To add further confusion to the situation, there were recent debates, which also garnered heavy attention, over whether Javanese and Bugis people, who are also Muslims, should be considered as natives in Sabah. That would entitle them to become voters among having several other special rights. This proposal was put forth by Warisan’s law and native affairs minister, Aidi Moktar — thus this further increased the suspicions and raised questions over the need for such a proposal.

The Call for Independence

There are more issues than just those stated above — contentions over healthcare, education, and religion also feature on the extensive list, explaining why some Sabahans are frustrated and have called for independence.

While the federal government should not dismiss such calls as sheer grandiloquence, it is also important to note that the secessionist sentiment stems from an urbanized fraction of civil society. The reality is that the vast majority of East Malaysians live in rural areas where education is inaccessible, thus there is a severe lack of political maturity, so even conceptualizing referendums and sovereign governance are likely alien to them.

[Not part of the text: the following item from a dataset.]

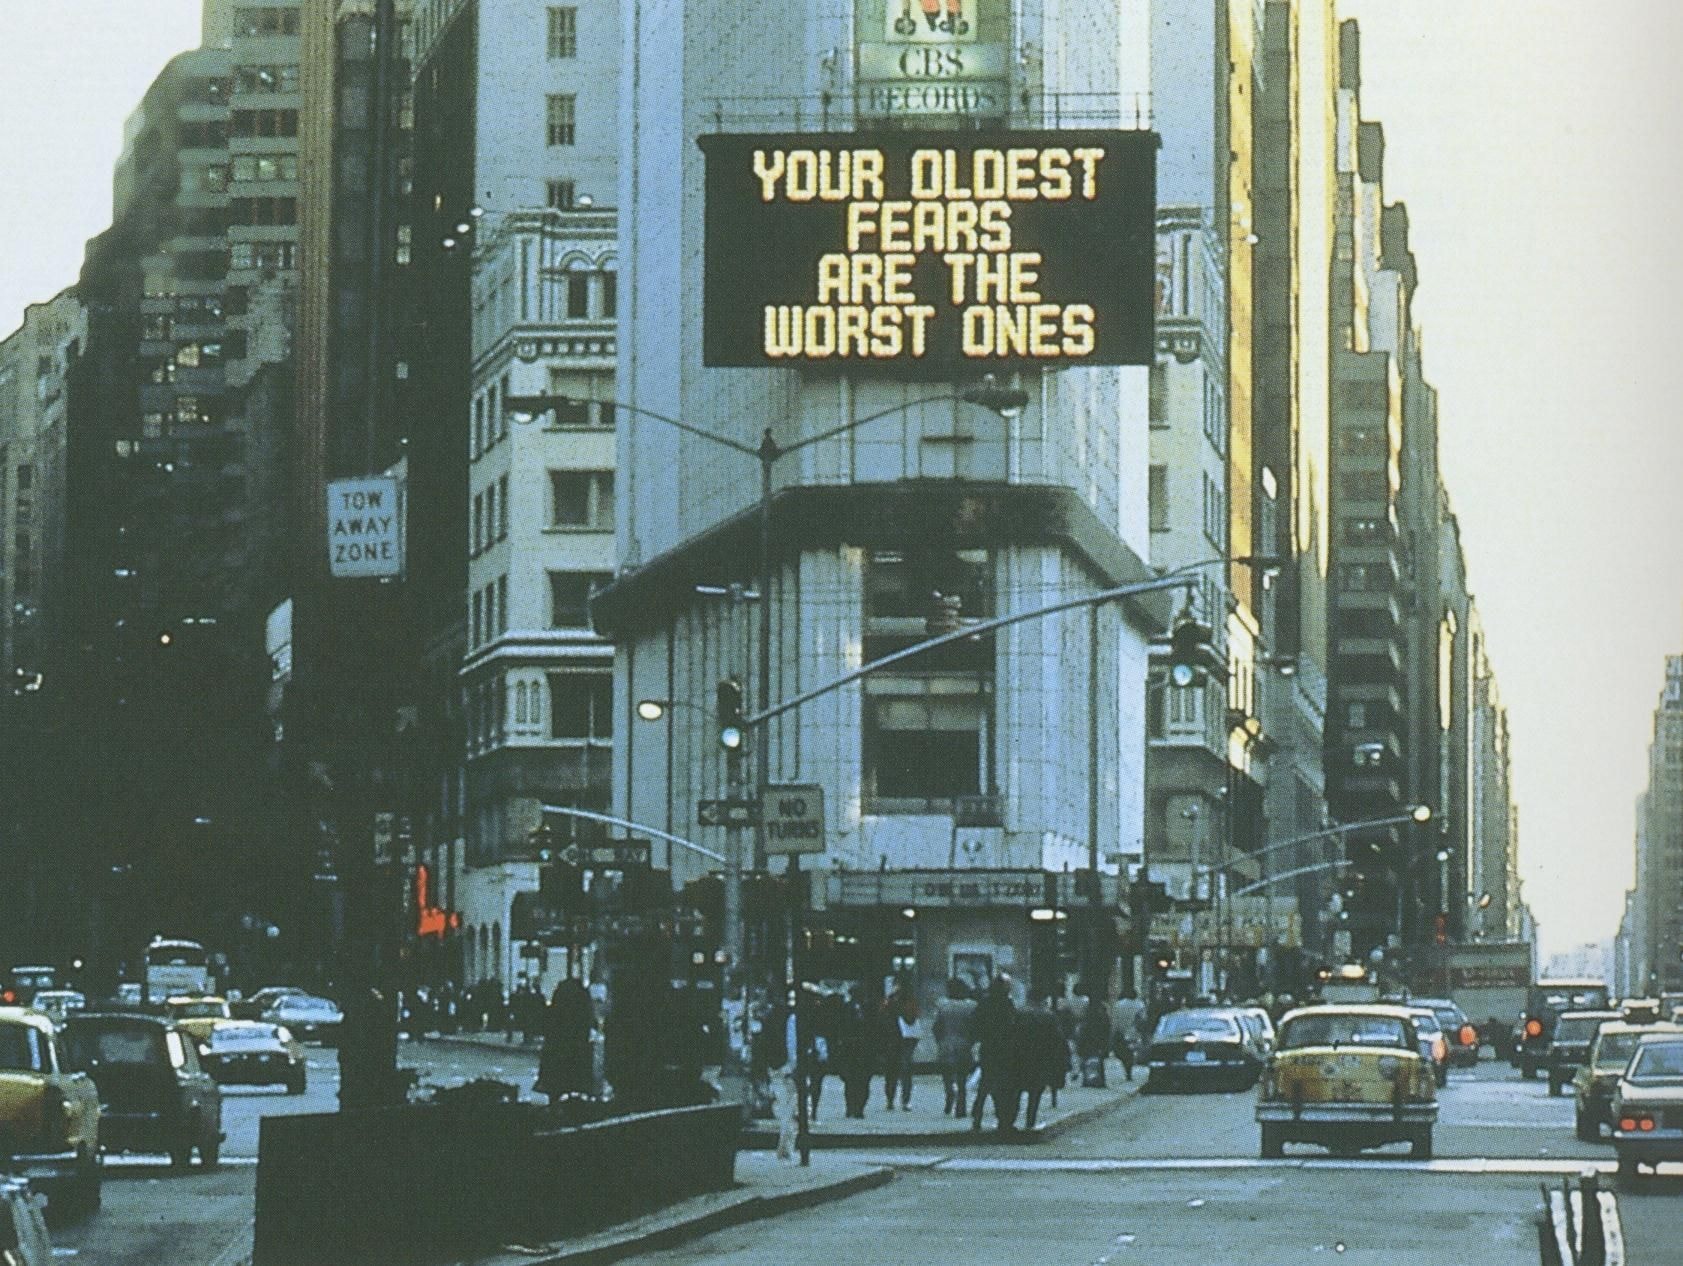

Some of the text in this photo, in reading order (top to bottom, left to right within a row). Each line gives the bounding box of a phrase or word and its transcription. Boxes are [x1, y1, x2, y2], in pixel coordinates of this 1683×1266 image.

Giving further nuance are anecdotes of how patronage politics are deployed in these rural areas, where most of the inhabitants are so poverty-stricken that clean water and proper food are unattainable to them. Politicians have capitalized on this — during the election season, bags of rice and household amenities, with modest sums of money (allegedly ranging between 300-500 Malaysian ringgits), are distributed to these people. Voters in poverty will support candidates or parties that provide them with assistance. Thus, one can argue that the lack of development is strategically beneficial for the incumbent as it reinforces their leverage over rural areas and maintains their strong support base, enabling them to secure their seats with ease.

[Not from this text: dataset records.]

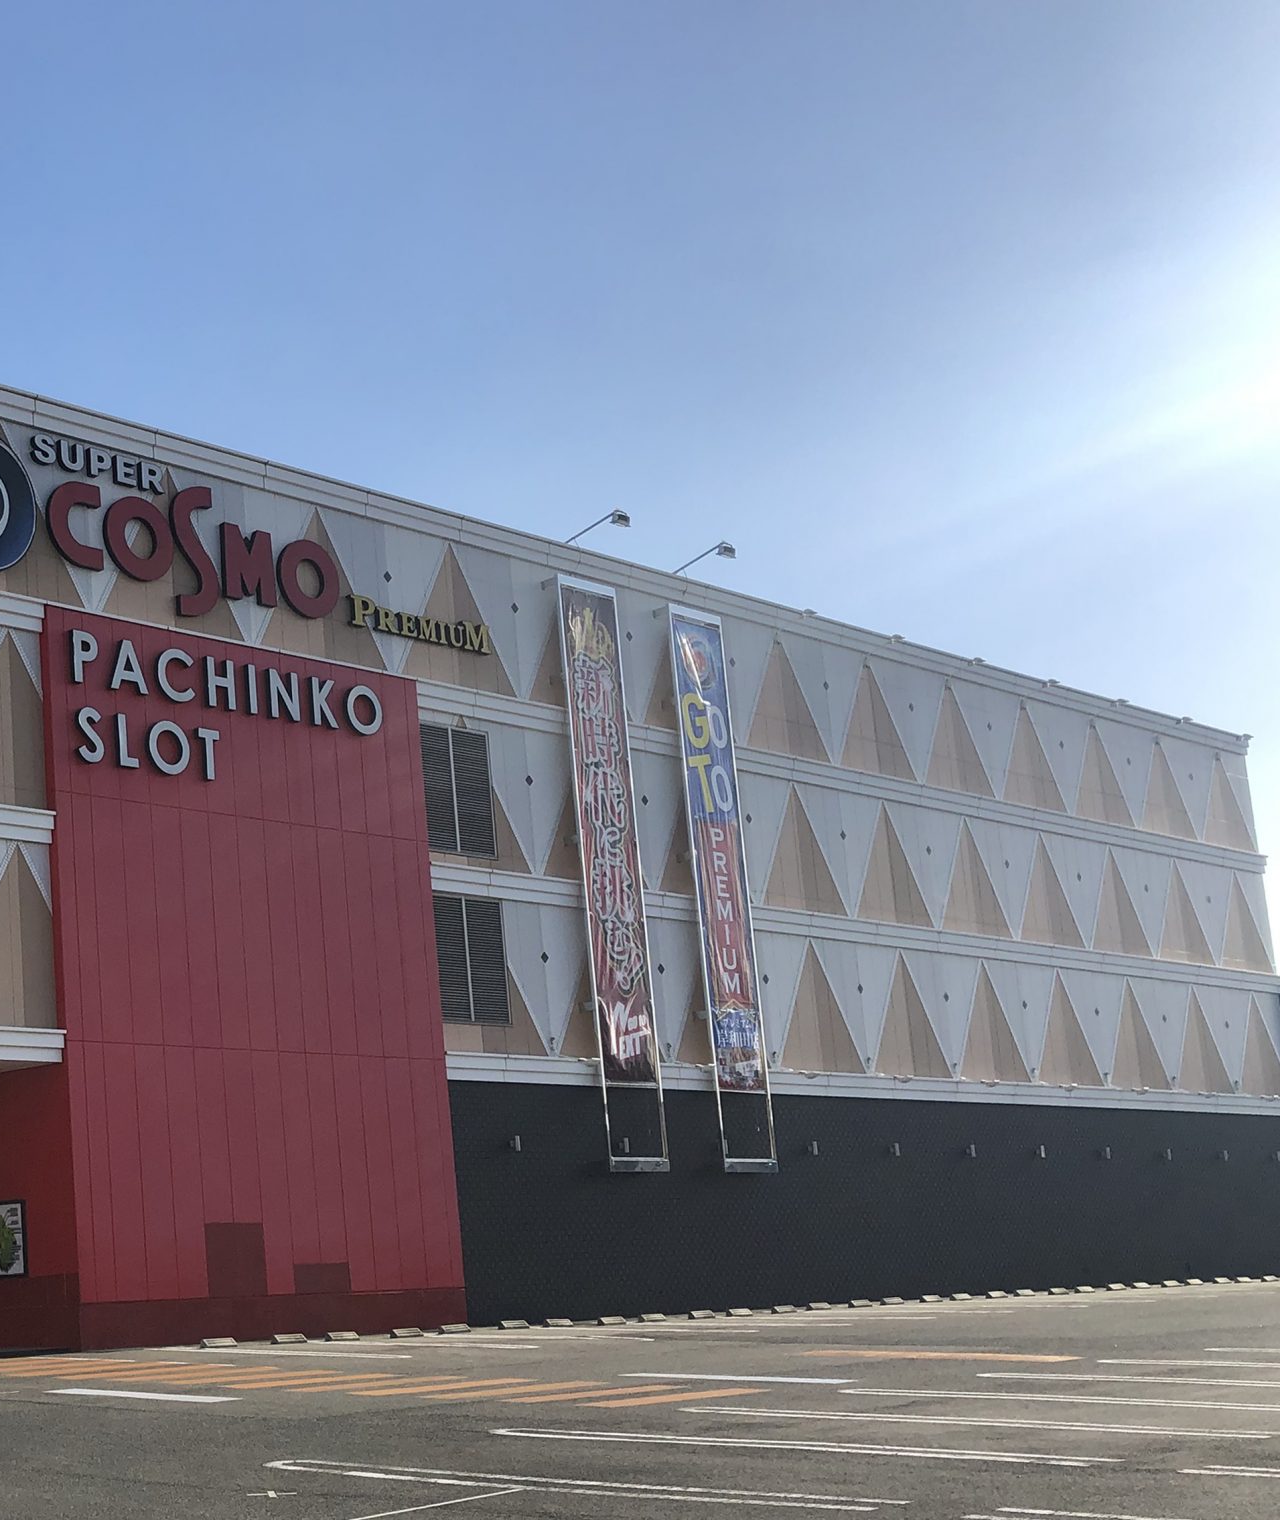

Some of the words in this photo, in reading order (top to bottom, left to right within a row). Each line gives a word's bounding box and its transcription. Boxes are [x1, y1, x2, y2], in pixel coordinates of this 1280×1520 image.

[31, 433, 165, 495] SUPER
[47, 485, 341, 619] COSMO
[348, 594, 493, 655] PREMIUM
[71, 628, 384, 736] PACHINKO
[77, 706, 220, 781] SLOT
[680, 692, 728, 749] GO
[688, 754, 733, 814] TO
[709, 827, 741, 995] PREMIUM

Hypothetically, even if civil society in Sabah attempted to organize for independence, the federal government would not simply accept it, considering that Sabah is a massive resource pool. It will not be surprising if the federal government moves to defuse any such attempts. At the same time, some state politicians may want to use these attempts to put constant pressure on the federal government.

However, there remains some optimism. De facto Law Minister Liew Vui Keong, who is a Sabahan, has announced that a bill will be tabled in Parliament regarding the re-establishment of Sabah and Sarawak’s status as well as the special grants disbursed to them by the federal center. A prerequisite for an amendment of the constitution demands the support of a two-thirds majority in Parliament — can the PH government secure this? Will the passing of the mill lead to a positive outcome for Sabah and Sarawak? The devil, as it is said, is always in the details. If the bill is not passed, there will be greater cynicism from those who have advocated for change. How will this play out in Sabah remains to be seen.

Piya Sukhani is a Research Analyst at the S. Rajaratnam School of International Studies, Nanyang Technological University.